- **What needs to be done**
Restate the records that follow word for word; no pictures should appear.

- **Data**
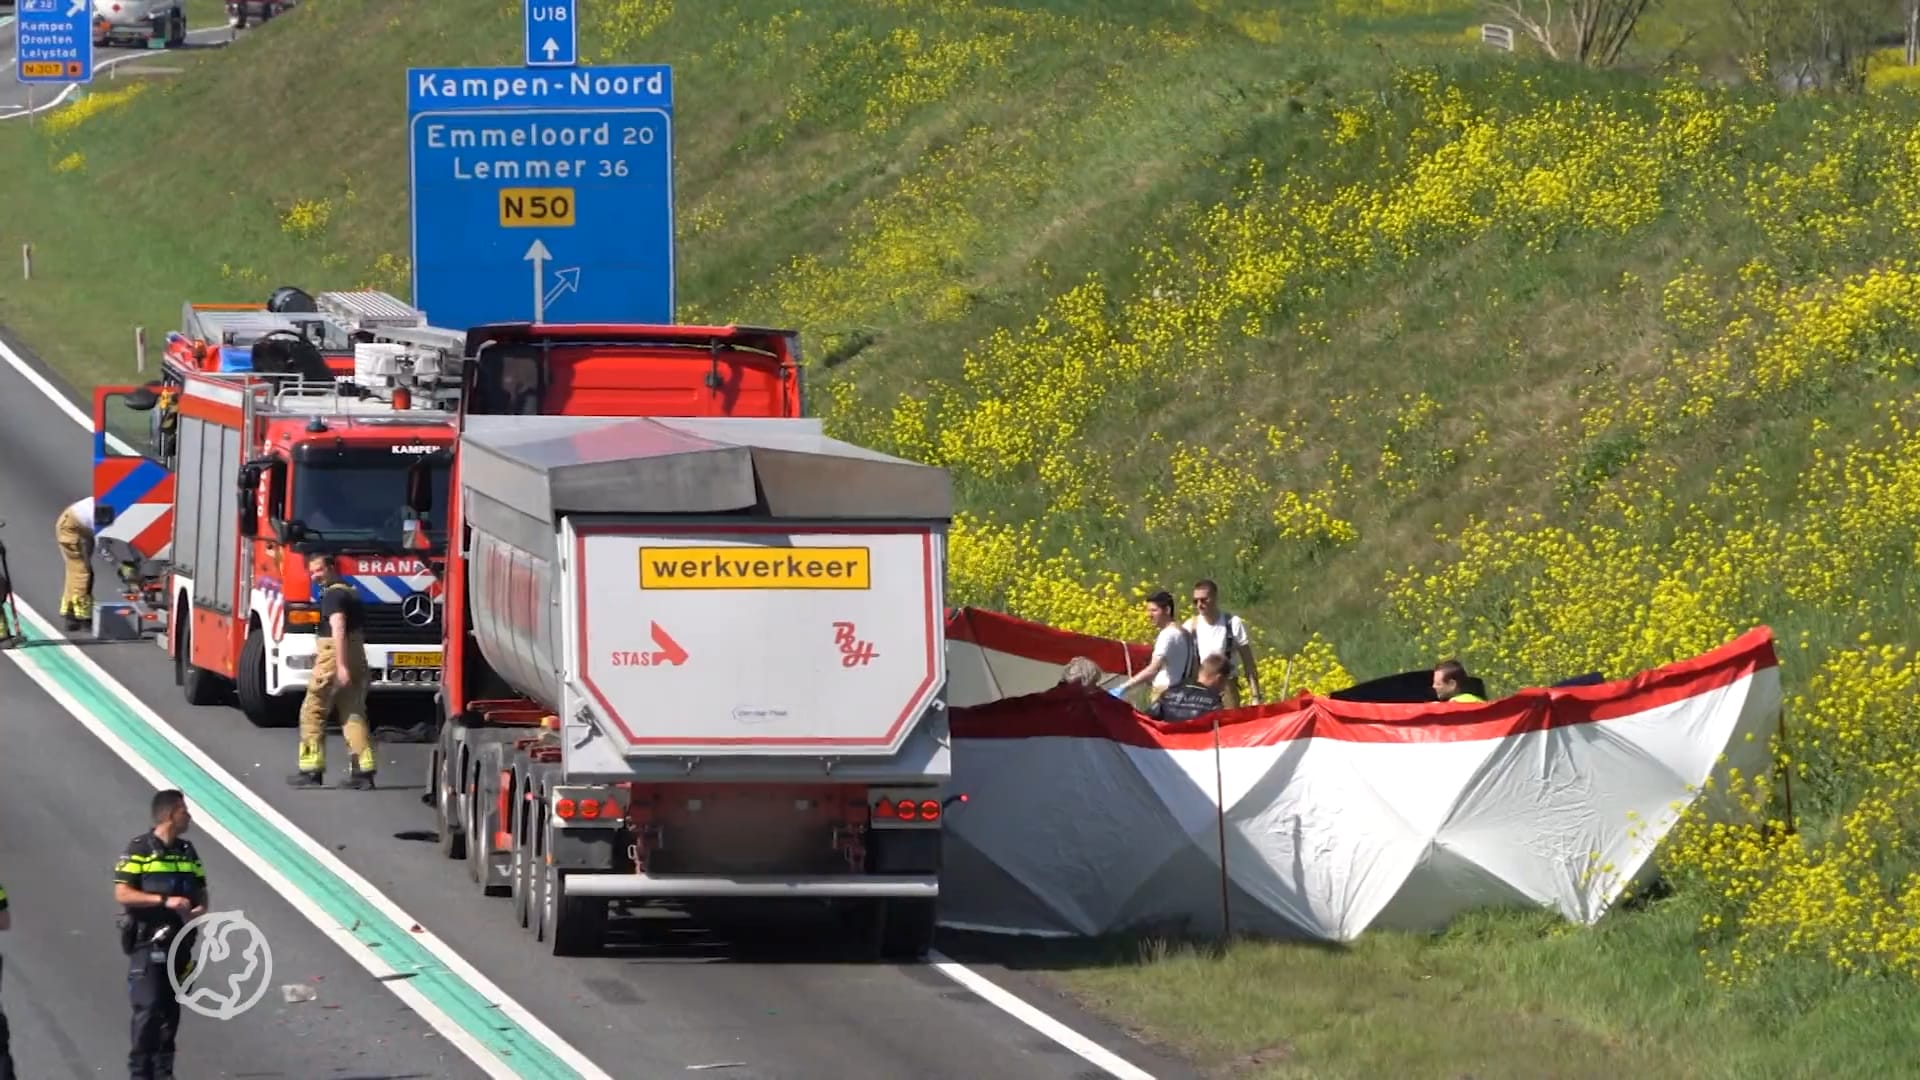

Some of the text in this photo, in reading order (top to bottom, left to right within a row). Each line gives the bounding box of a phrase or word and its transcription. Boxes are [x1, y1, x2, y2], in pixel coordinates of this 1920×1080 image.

[533, 7, 567, 21] U18
[21, 22, 73, 32] Kampen
[21, 35, 73, 45] Dronten
[21, 48, 77, 60] Lelystad
[418, 71, 664, 100] Kampen-Noord
[427, 122, 654, 149] Emmeloord 20
[454, 156, 629, 180] Lemmer 36
[504, 196, 569, 219] N50
[653, 554, 858, 579] werkverkeer
[611, 651, 650, 667] STAS
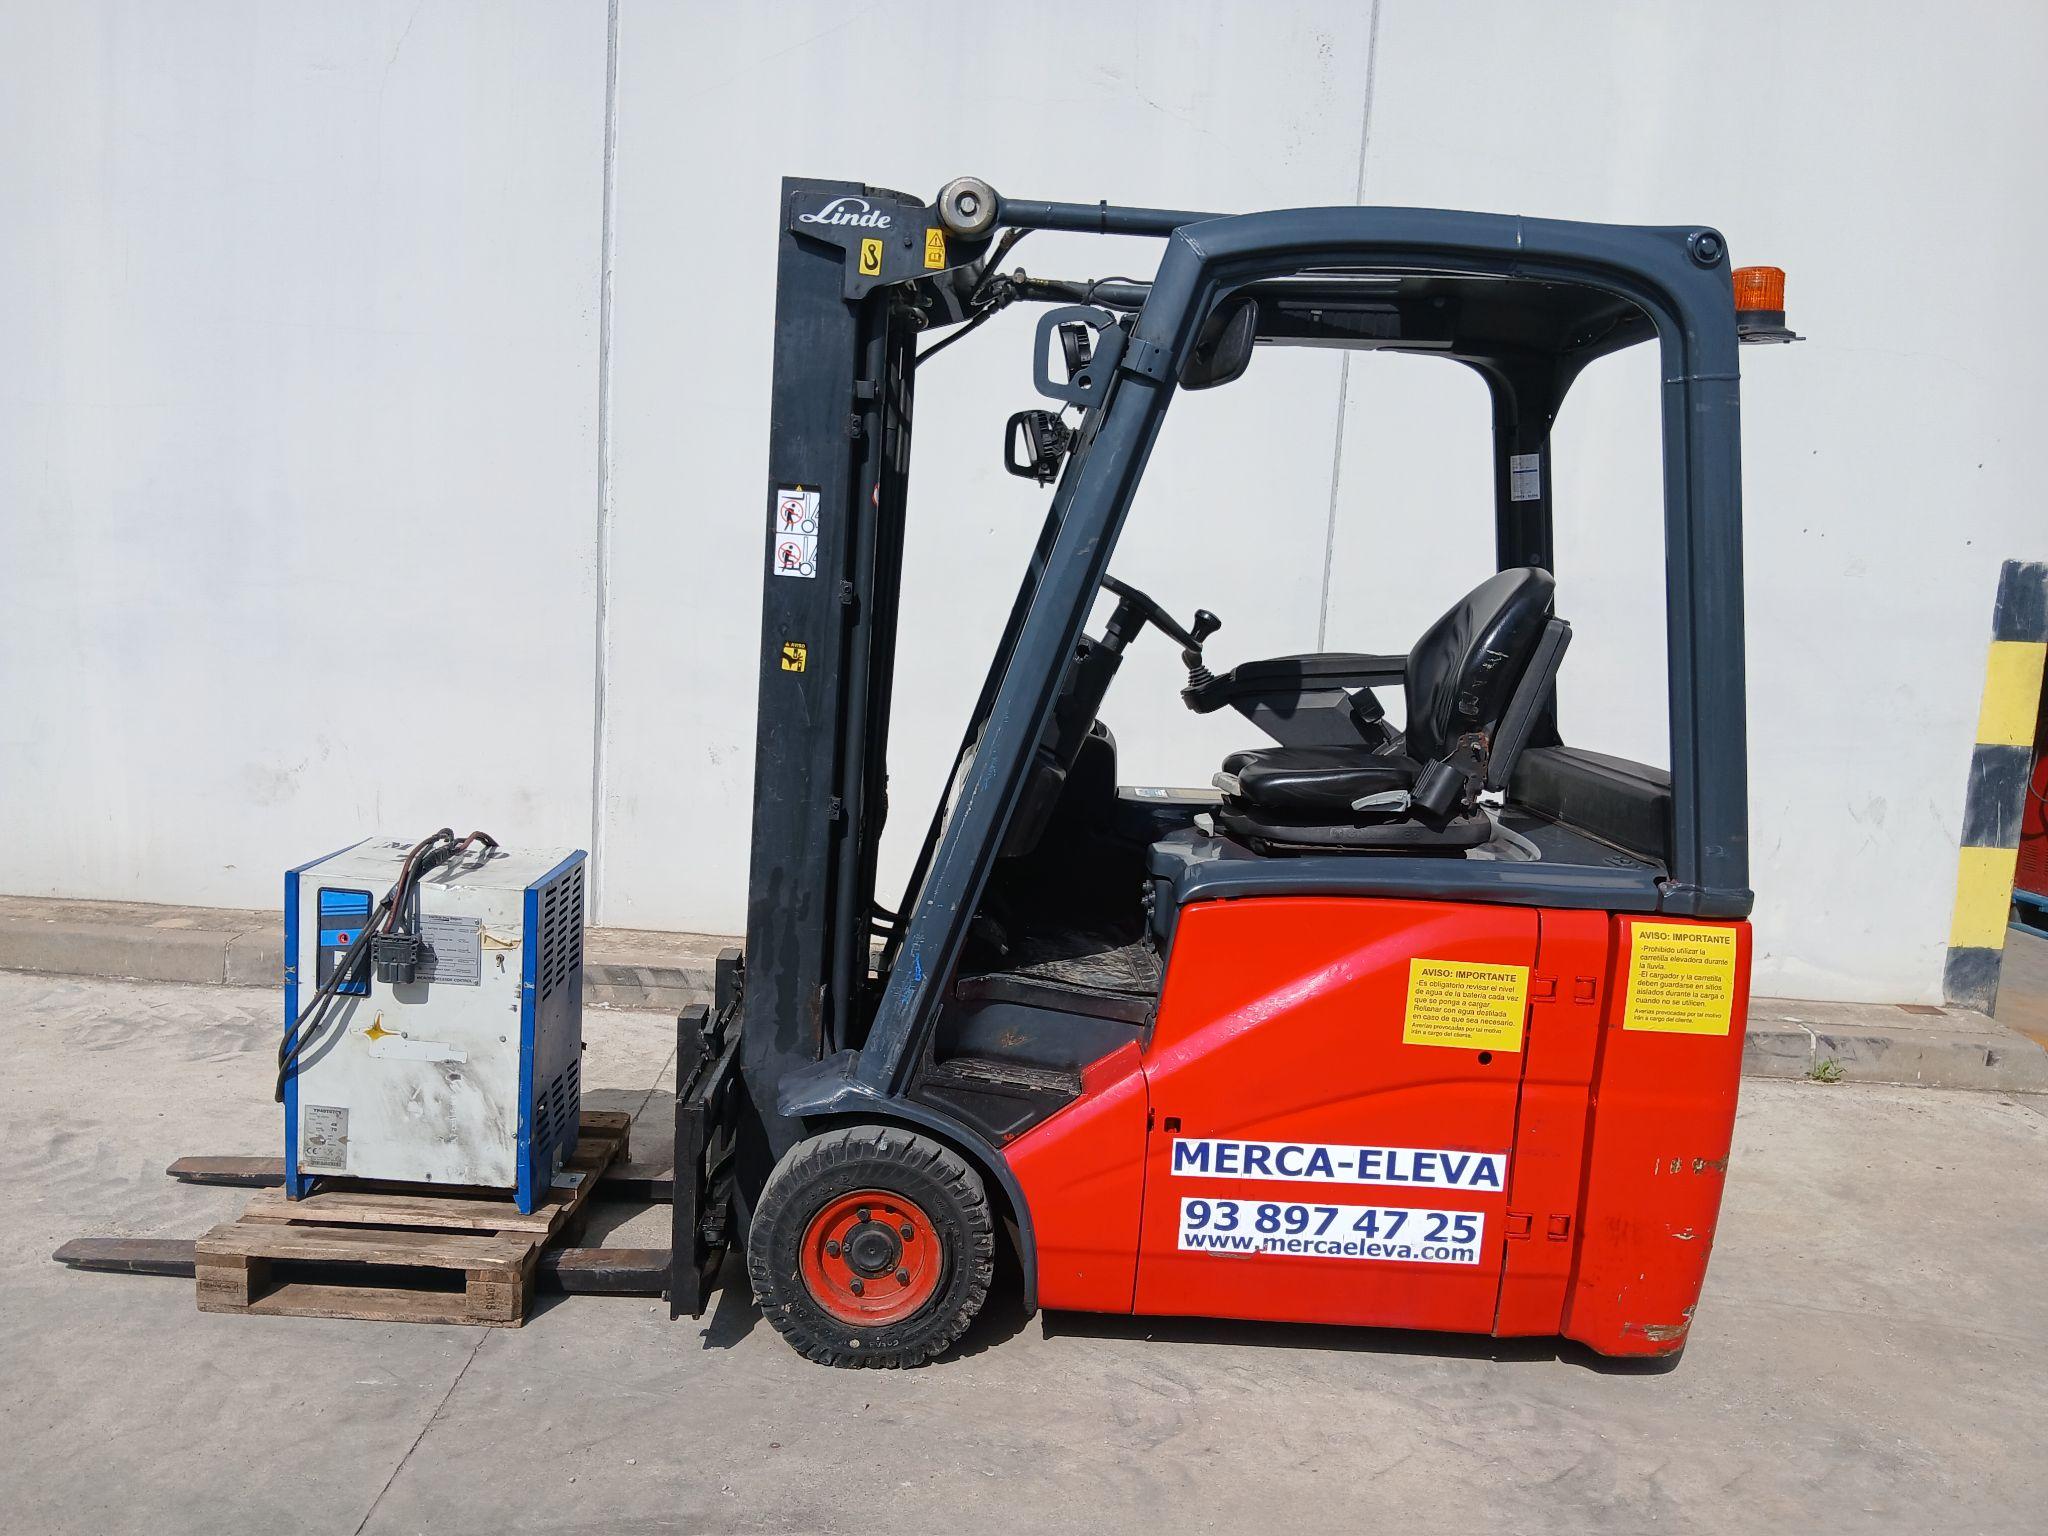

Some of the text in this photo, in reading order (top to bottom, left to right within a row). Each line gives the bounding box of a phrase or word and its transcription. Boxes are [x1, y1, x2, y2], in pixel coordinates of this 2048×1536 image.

[799, 197, 892, 229] Linde
[1639, 931, 1730, 944] AVISO: IMPORTANTE
[1670, 956, 1702, 964] elevadora
[1422, 969, 1516, 982] AVISO: IMPORTANTE
[1649, 972, 1679, 980] cargador
[1430, 981, 1464, 989] obligatorio
[1477, 1009, 1506, 1017] destilada
[1656, 1009, 1686, 1017] provocadas
[1480, 1018, 1515, 1026] necesario.
[1173, 1140, 1500, 1188] MERCA-ELEVA
[1184, 1200, 1478, 1245] 93 897 47 25
[1184, 1232, 1474, 1263] www.mercaeleva.com
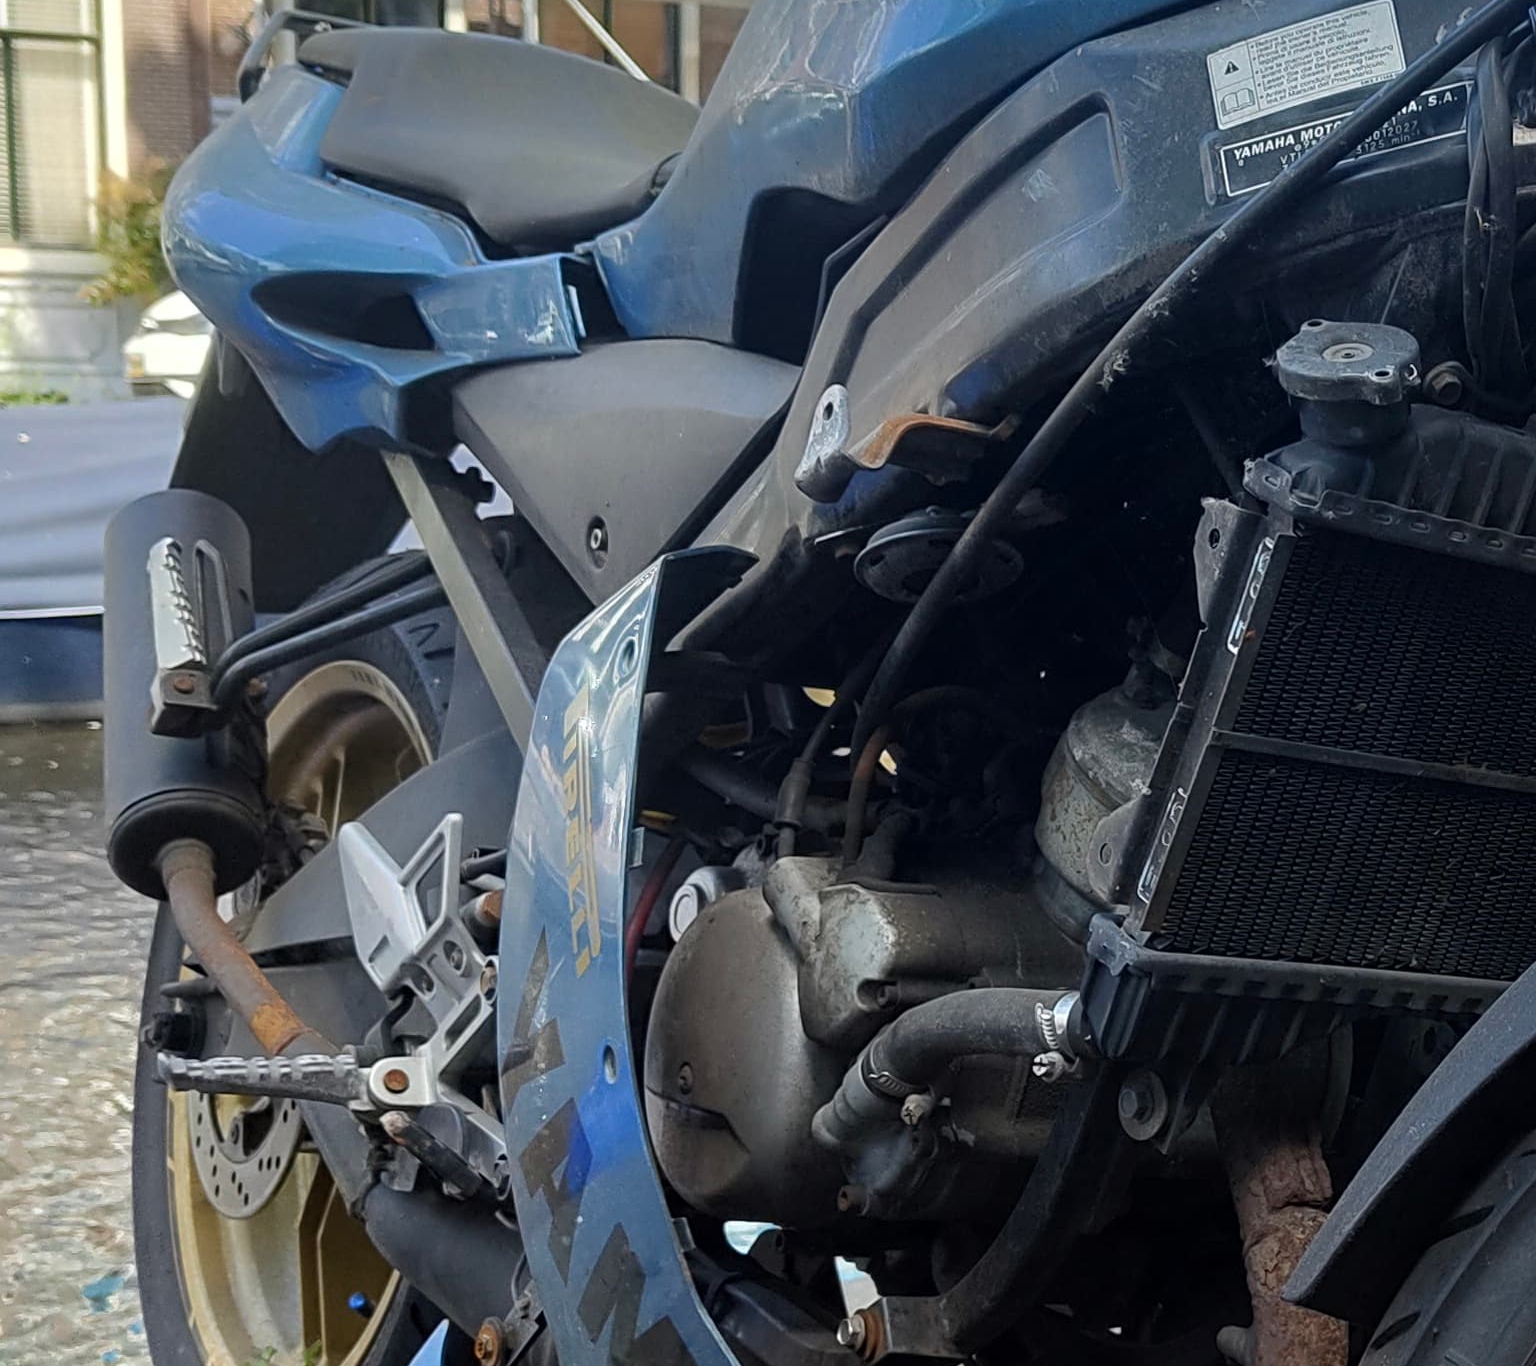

- **Solution to this exercise**
Some of the text in this photo, in reading order (top to bottom, left to right within a row). Each line gives the bounding box of a phrase or word and its transcription. Boxes are [x1, y1, x2, y2], in pixel coordinates of this 1920×1080 image.

[533, 7, 567, 21] U18
[21, 22, 73, 32] Kampen
[21, 35, 73, 45] Dronten
[21, 48, 77, 60] Lelystad
[418, 71, 664, 100] Kampen-Noord
[427, 122, 654, 149] Emmeloord 20
[454, 156, 629, 180] Lemmer 36
[504, 196, 569, 219] N50
[653, 554, 858, 579] werkverkeer
[611, 651, 650, 667] STAS

Some of the text in this photo, in reading order (top to bottom, left to right within a row). Each line gives the bounding box of a phrase or word and its transcription. Boxes are [x1, y1, x2, y2], in pixel coordinates of this 2048×1536 image.

[799, 197, 892, 229] Linde
[1639, 931, 1730, 944] AVISO: IMPORTANTE
[1670, 956, 1702, 964] elevadora
[1422, 969, 1516, 982] AVISO: IMPORTANTE
[1649, 972, 1679, 980] cargador
[1430, 981, 1464, 989] obligatorio
[1477, 1009, 1506, 1017] destilada
[1656, 1009, 1686, 1017] provocadas
[1480, 1018, 1515, 1026] necesario.
[1173, 1140, 1500, 1188] MERCA-ELEVA
[1184, 1200, 1478, 1245] 93 897 47 25
[1184, 1232, 1474, 1263] www.mercaeleva.com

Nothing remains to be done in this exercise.